Estimated Costs to Complete

These are the anticipated costs required to complete a project at a scheduled time. They would be comprised of the same elements as the original total estimated contract costs and would be based on prices expected to be in effect when the costs are incurred. The latest estimates should be used to determine the progress toward completion.

Although IAS 11 does not specifically provide instructions for estimating costs to complete, practical guidance can be gleaned from other international accounting standards, as follows: The first rule is that systematic and consistent procedures should be used. These procedures should be correlated with the cost accounting system and should be able to provide a comparison between actual and estimated costs. Additionally, the determination of estimated total contract costs should identify the significant cost elements.

A second important point is that the estimation of the costs to complete should include the same elements of costs included in accumulated costs. Additionally, the estimated costs should reflect any expected price increases. These expected price increases should not be blanket provisions for all contract costs, but rather, specific provisions for each type of cost. Expected increases in each of the cost elements such as wages, materials, and overhead items should be taken into consideration separately.

Finally, estimates of costs to complete should be reviewed periodically to reflect new information. Estimates of costs should be examined for price fluctuations and should also be reviewed for possible future problems, such as labor strikes or direct material delays.

Accounting for contract costs is similar to accounting for inventory. Costs necessary to ready the asset for sale would be recorded in the construction-in-progress account, as incurred. CIP would include both direct and indirect costs but would usually not include general and administrative expenses or selling expenses since they are not normally identifiable with a particular contract and should therefore be expensed.

 

Subcontractor Costs

Since a contractor may not be able to do all facets of a construction project, a subcontractor may be engaged. The amount billed to the contractor for work done by the subcontractor should be included in contract costs. The amount billed is directly traceable to the project and would be included in the CIP account, similar to direct materials and direct labor.

 

Back charges

Contract costs may have to be adjusted for back charges. Back charges are billings for costs incurred that the contract stipulated should have been performed by another party. The parties involved often dispute these charges.

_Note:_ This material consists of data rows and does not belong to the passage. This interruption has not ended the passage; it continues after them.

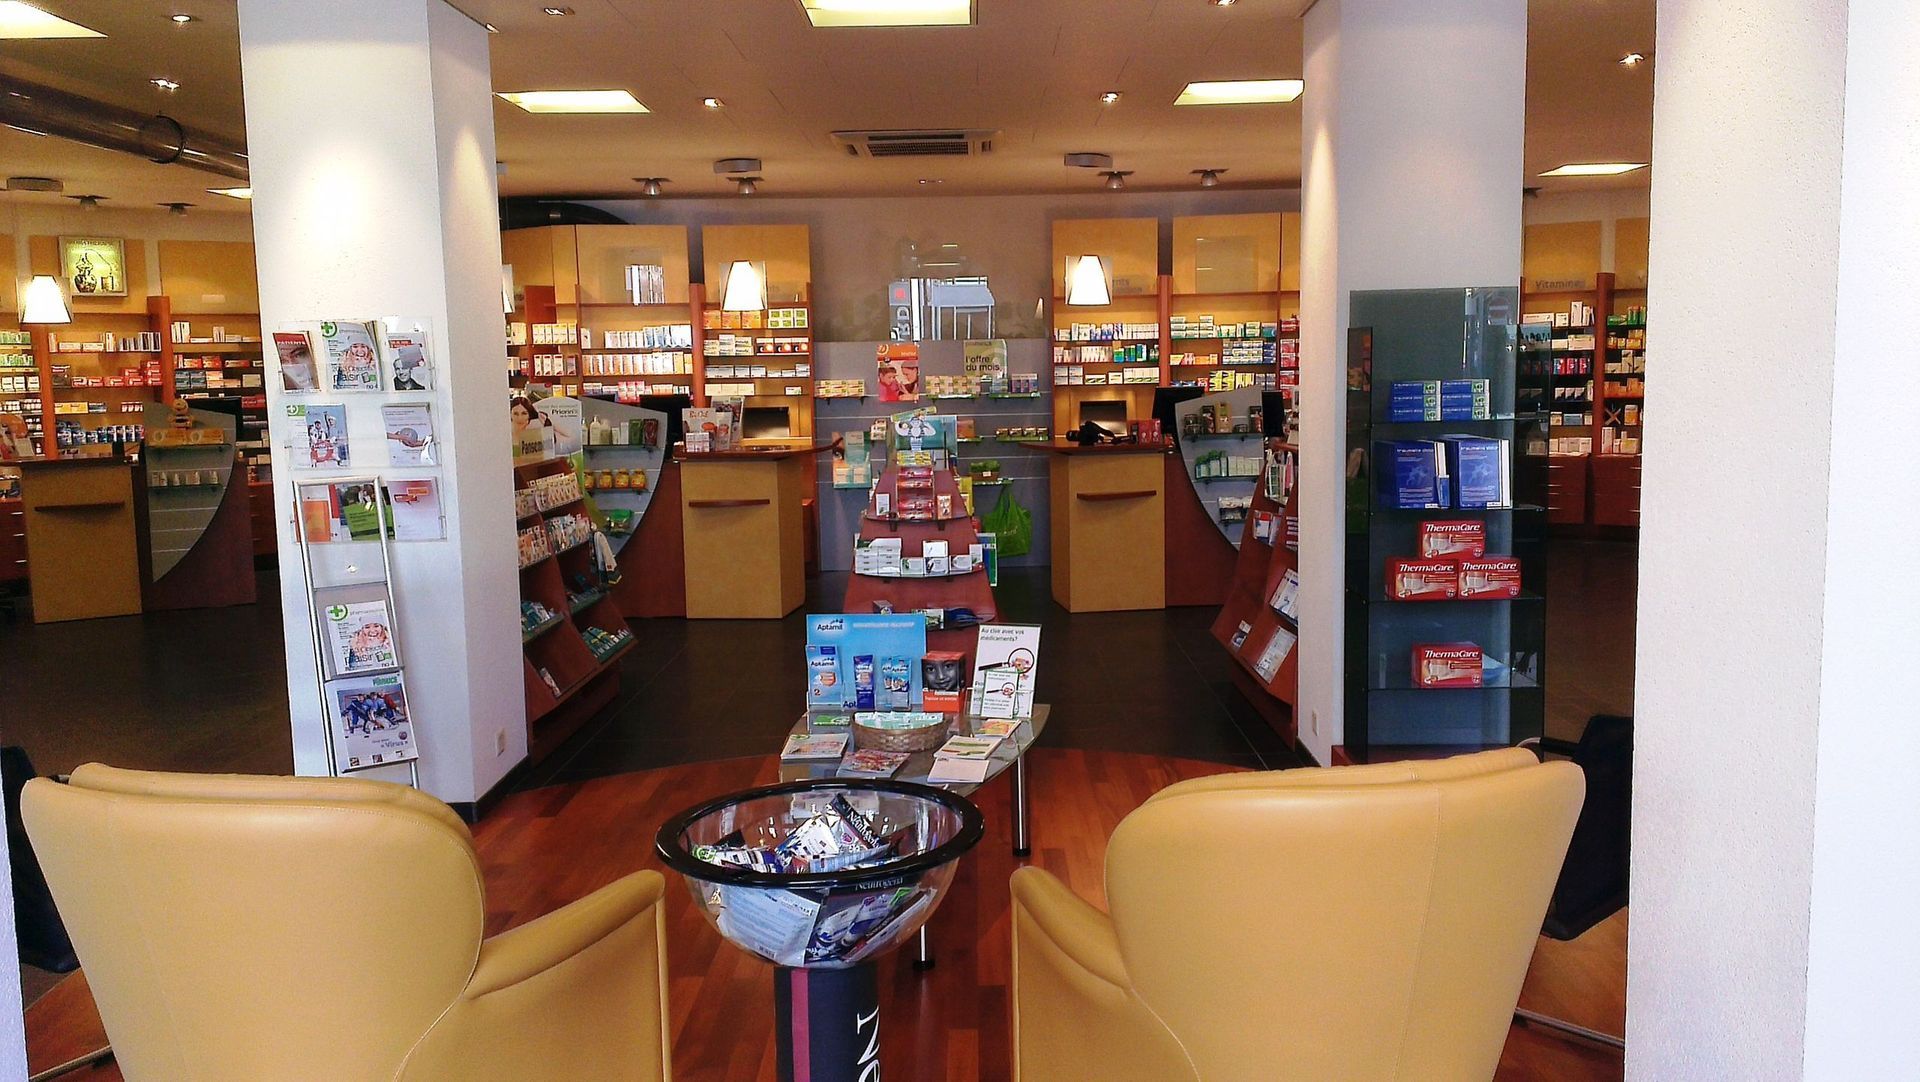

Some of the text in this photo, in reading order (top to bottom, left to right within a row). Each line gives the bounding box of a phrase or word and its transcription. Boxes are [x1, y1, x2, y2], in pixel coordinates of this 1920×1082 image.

[965, 355, 990, 363] l'offre
[966, 363, 978, 371] du
[1425, 523, 1481, 533] ThermaCare
[1399, 563, 1454, 573] ThermaCare
[1462, 562, 1517, 572] ThermaCare
[816, 623, 843, 632] Aptamil
[1424, 649, 1479, 659] ThermaCare
[813, 688, 821, 697] 2

Example Of A Back Charge Situation

The contract states that the subcontractor was to raze the building and have the land ready for construction; however, the contractor/seller had to clear away debris in order to begin construction. The contractor wants to be reimbursed for the work; therefore, the contractor back charges the subcontractor for the cost of the debris removal.

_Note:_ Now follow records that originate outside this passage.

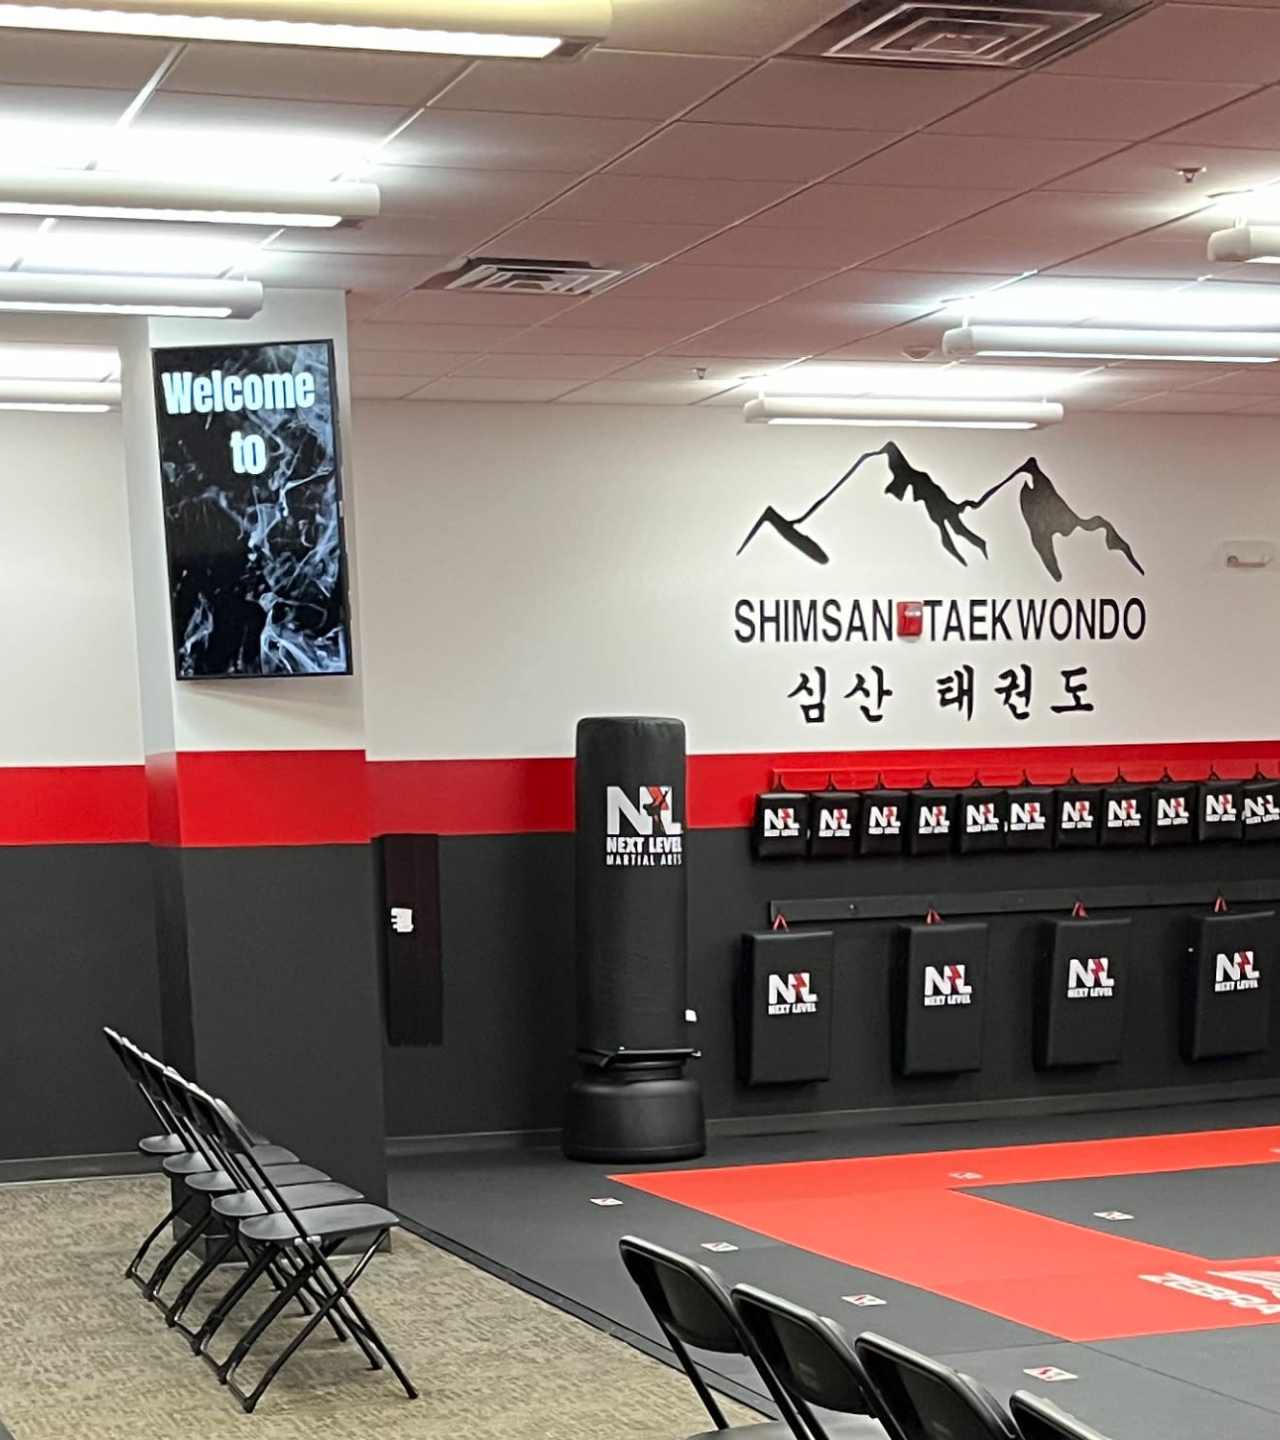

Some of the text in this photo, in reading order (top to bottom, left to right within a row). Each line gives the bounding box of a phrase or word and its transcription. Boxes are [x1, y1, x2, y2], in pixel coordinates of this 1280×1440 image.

[162, 370, 315, 414] Welcome
[230, 431, 266, 475] to
[734, 597, 1146, 643] SHIMSAN TAEKWONDO
[787, 663, 1094, 723] 심산 태권도
[606, 836, 682, 853] NEXT LEVEL
[606, 854, 655, 866] MARTIAL
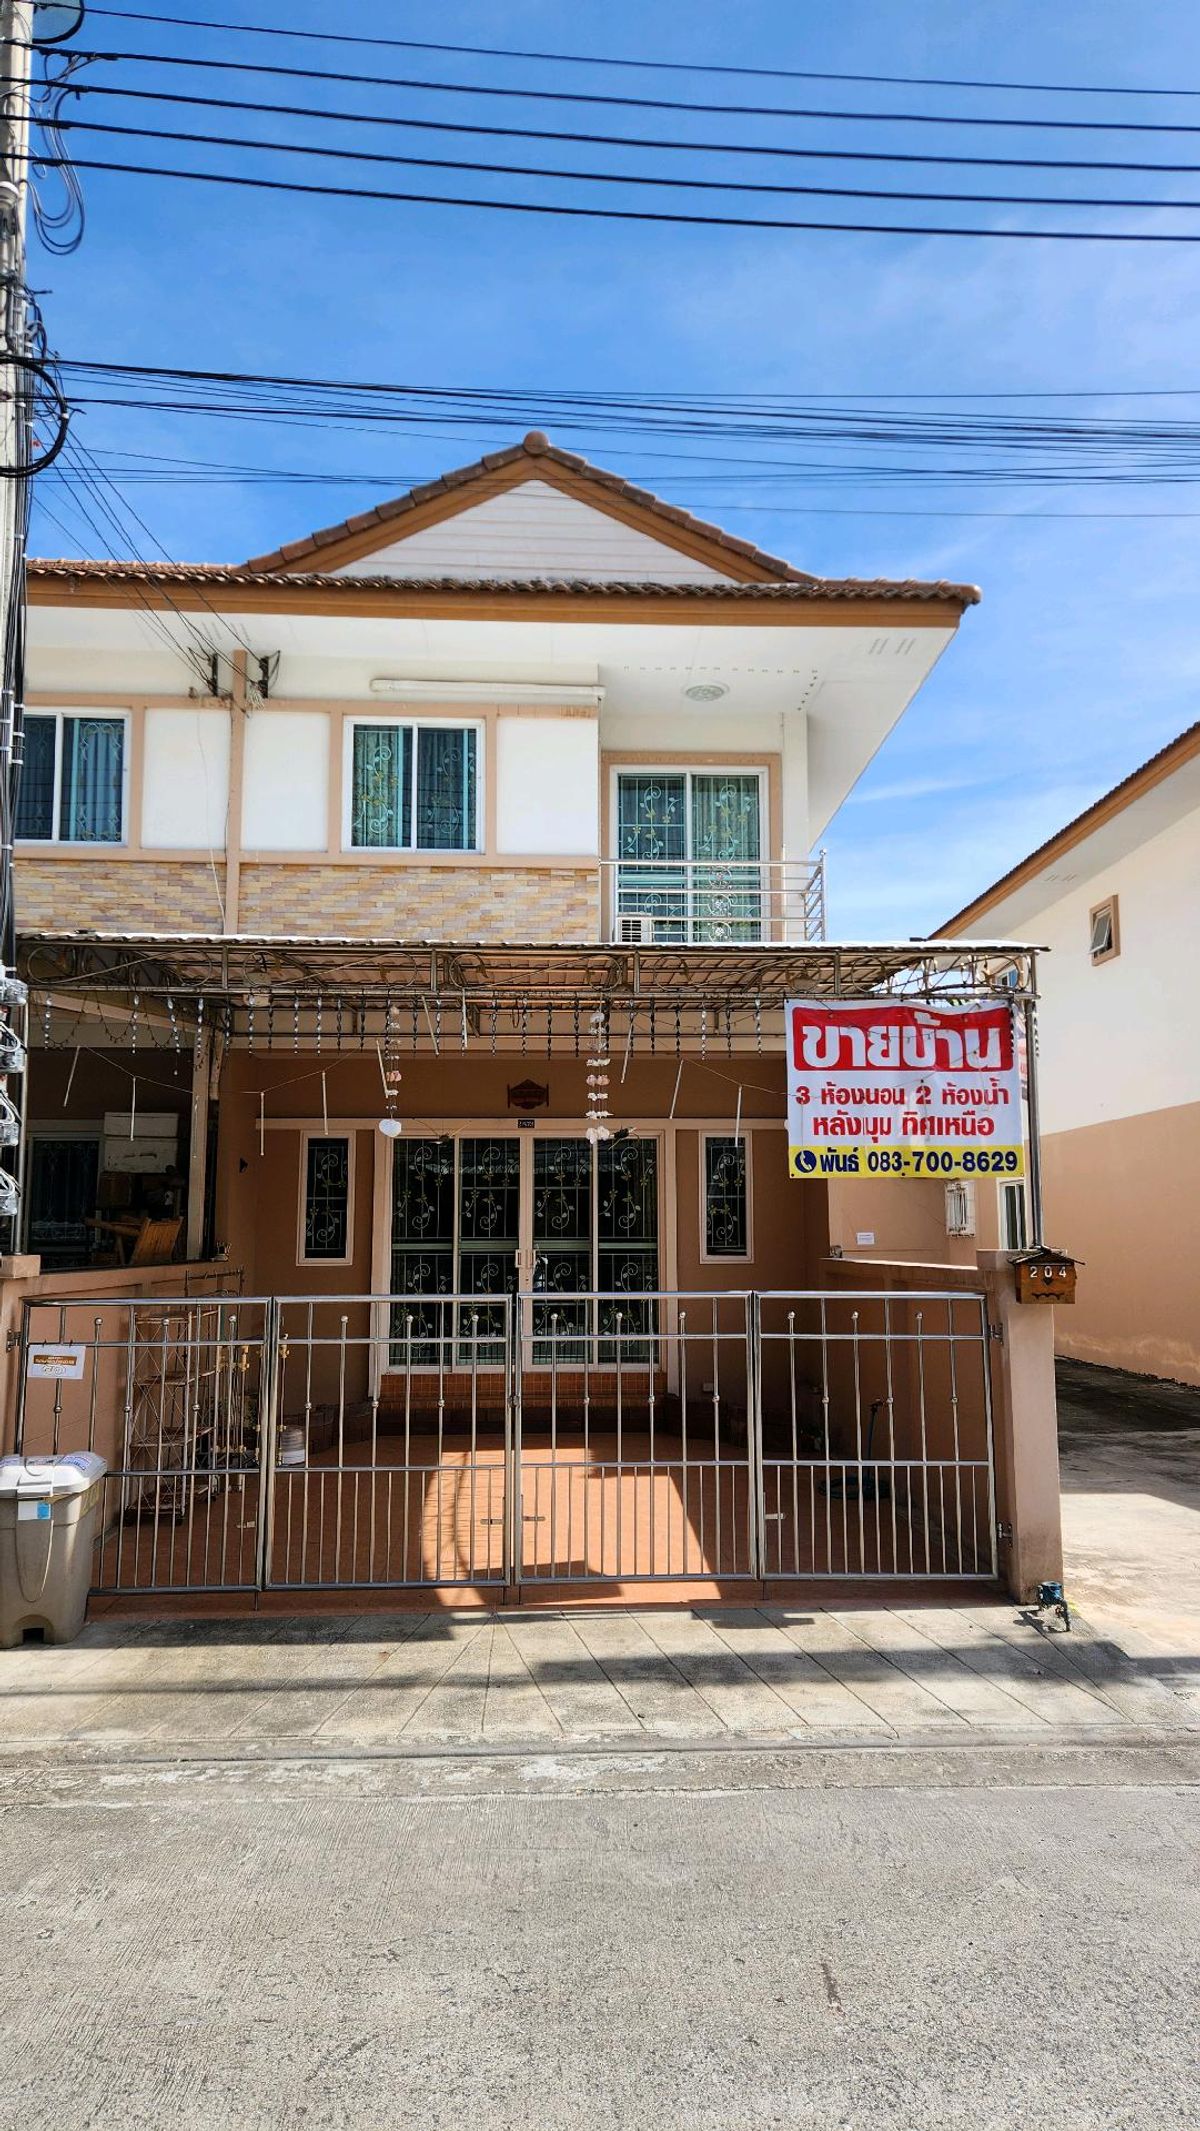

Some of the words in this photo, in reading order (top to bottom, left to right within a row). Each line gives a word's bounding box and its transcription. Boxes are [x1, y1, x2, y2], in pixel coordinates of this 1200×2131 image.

[802, 1011, 1001, 1069] ขายบ้าน
[795, 1085, 810, 1105] 3
[821, 1081, 905, 1105] ห้องนอน
[915, 1085, 932, 1105] 2
[941, 1078, 1009, 1106] ห้องน้ำ
[812, 1110, 892, 1144] หลังมุม
[902, 1110, 995, 1137] ทิศเหนือ
[820, 1147, 860, 1173] พันธ์
[867, 1151, 1018, 1173] 083-700-8629
[1030, 1265, 1067, 1278] 204

The contractor should treat the back charge as a receivable from the subcontractor and should reduce contract costs by the amount recoverable. If the subcontractor disputes the back charge, the cost becomes a claim. Claims are an amount in excess of the agreed contract price or amounts not included in the original contract price that the contractor seeks to collect. Claims should be recorded as additional contract revenue only if the requirements set forth in IAS 11 are met.

 

The subcontractor should record the back charge as a payable and as additional contract costs if it is probable that the amount will be paid. If the amount or validity of the liability is disputed, the subcontractor would have to consider the probable outcome in order to determine the proper accounting treatment.